Muitas das PANC, nativas ou exóticas espontâneas, além consideradas alimentos funcionais, poderiam ser incorporadas na alimentação, mantendo a diversidade dos ecossistemas. Há 15 anos, Kinupp encontrou na Região Metropolitana de Porto Alegre 311 espécies de PANC, apenas nativas da região, ou seja 20% das espécies da RMPA. No RS, estimamos mais de 400 espécies nativas ou espontâneas com potencial alimentício, o que corresponderia a quase 10% da flora do Estado. Infelizmente, parte importante destas plantas é chamada pelo agronegócio convencional, ou mesmo em laboratórios de produção agrícola, como “plantas daninhas”. Esta denominação favorece o seu combate, e não o convívio com a diversidade das mesmas, o que implica no uso de herbicidas, contaminando ambiente, o(a) agricultor(a) e o próprio alimento. Segundo o saudoso botânico Eduardo Rapoport (Figura 5) , da Universidade de Bariloche, pelo menos 1/3 do que é considerado “inço”, “daninhas” ou “invasoras tem uso atual ou potencial como alimento. Além disso, perdem-se toneladas dessas plantas alimentícias/hectare das lavouras convencionais, mortas por estes venenos agrícolas, não só alimento potencial para seres humanos como criação de animais, como galinhas e porcos, destacando-se aqui o caso de beldroega, caruru, erva-gorda, dente-de-leão, alface-silvestre, mastruço, serralha, picão-branco, picão-preto, trevo-azedo, e outras dezenas de plantas.

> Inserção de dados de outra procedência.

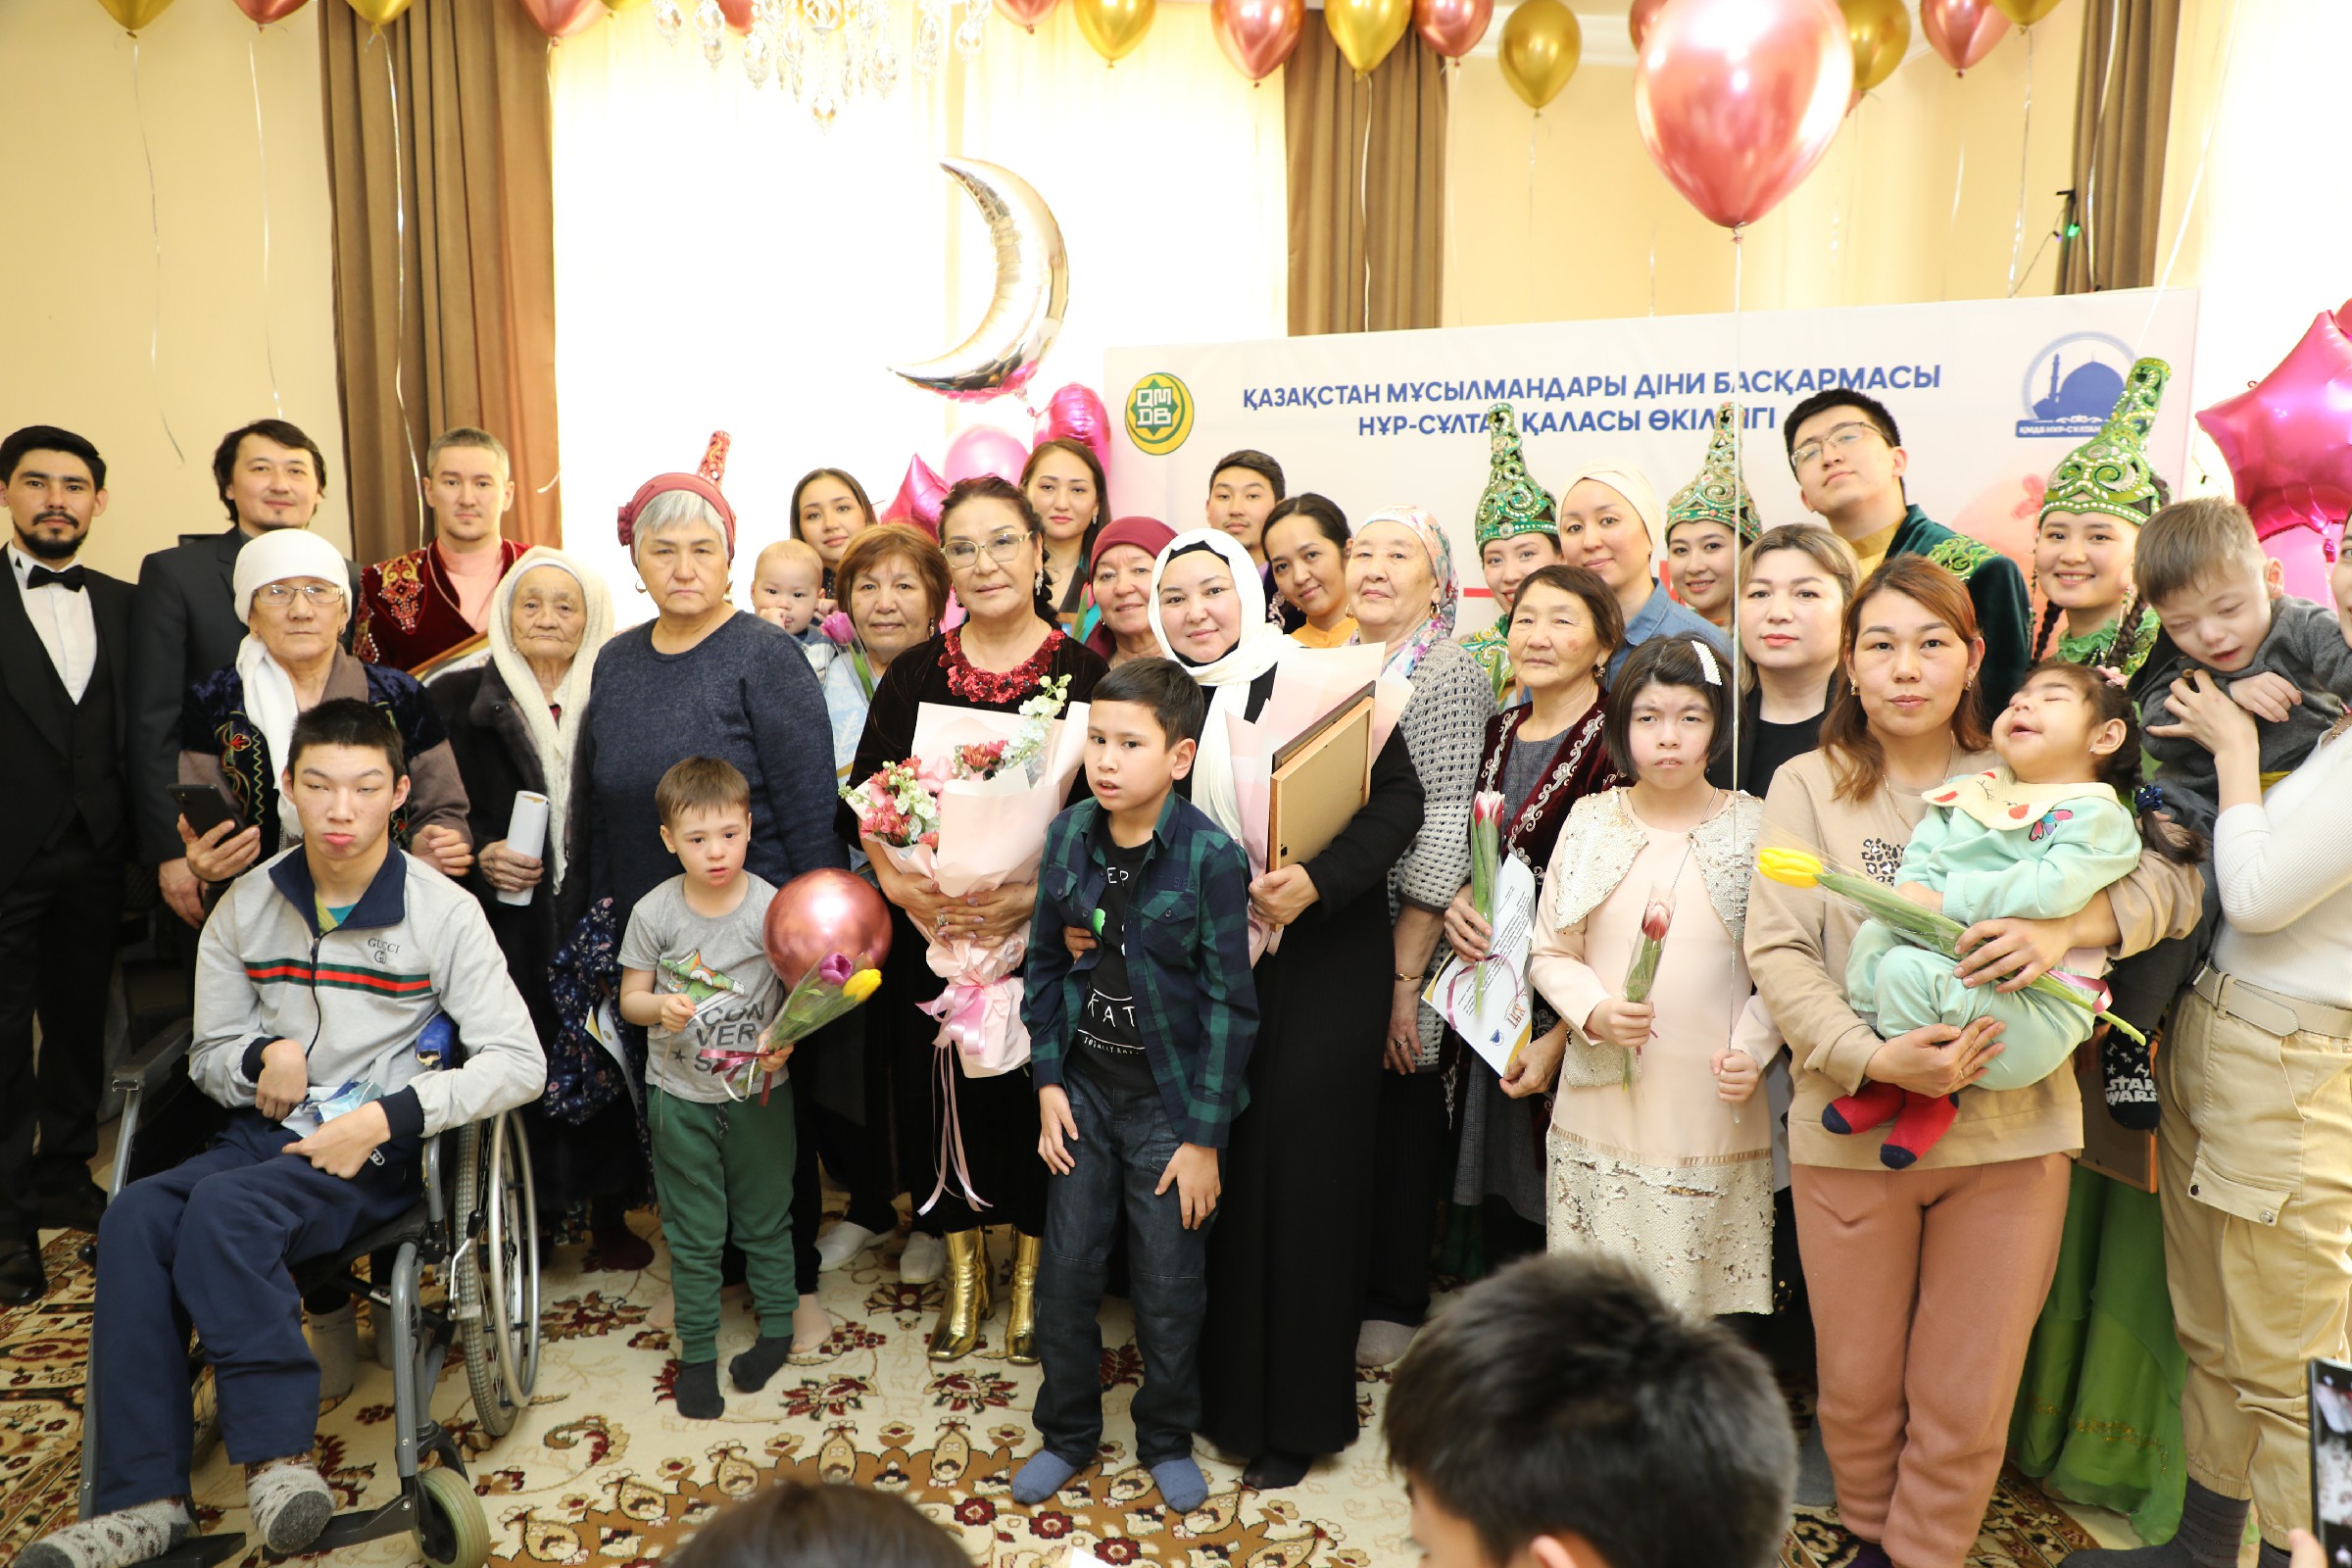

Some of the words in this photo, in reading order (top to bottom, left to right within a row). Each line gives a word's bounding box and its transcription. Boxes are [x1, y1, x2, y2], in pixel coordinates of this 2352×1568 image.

[1243, 383, 1381, 411] ҚАЗАҚСТАН
[1387, 374, 1627, 403] МҰСЫЛМАНДАРЫ
[1634, 372, 1706, 400] ДІНИ
[1713, 365, 1941, 396] БАСҚАРМАСЫ
[1358, 414, 1491, 436] НҰР-СҰЛТА
[1522, 410, 1641, 436] ҚАЛАСЫ
[1648, 407, 1776, 431] ӨКІЛІГІ
[368, 938, 401, 954] GUCCI
[701, 1003, 764, 1026] CON
[696, 1022, 757, 1047] VER
[2105, 1075, 2156, 1092] STAR
[2106, 1090, 2158, 1104] WARS

| Figura 5. O Dr Eduardo Rapoport, biólogo argentino, professor emérito da Universidade de Comahue, Bariloche, um dos pioneiros e entusiastas das plantas nativas e espontâneas alimentícias |
No Campus do Vale da Agronomia da UFRGS, podemos citar, pelo menos, três dezenas destes vegetais que nascem nos canteiros e jardins, entre prédios, caminhos, e as pessoas não percebem (Figura 6). Pior do que isso, muitos estão acostumados a ver a grama cortada rente ao solo, como paradigma de jardim esteticamente “bonito” ... Estaremos diante das “monoculturas da mente”, segundo a ecofeminista e Prêmio Nobel Alternativo, Vandana Shiva (Figura 7)?

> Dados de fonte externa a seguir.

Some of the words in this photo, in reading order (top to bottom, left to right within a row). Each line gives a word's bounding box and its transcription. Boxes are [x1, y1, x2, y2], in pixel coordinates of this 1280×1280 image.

Muitas das espécies de PANC eram tradicionalmente parte da alimentação indígena e tradicional. Infelizmente, ao longo dos anos, foram sendo deixadas de lado, seja pelo modo de vida de consumo-dependência de grandes mercados ou mesmo desinformação das sociedades urbanas e apartadas na natureza. Por isso, atualmente, são tratadas como “não convencionais”.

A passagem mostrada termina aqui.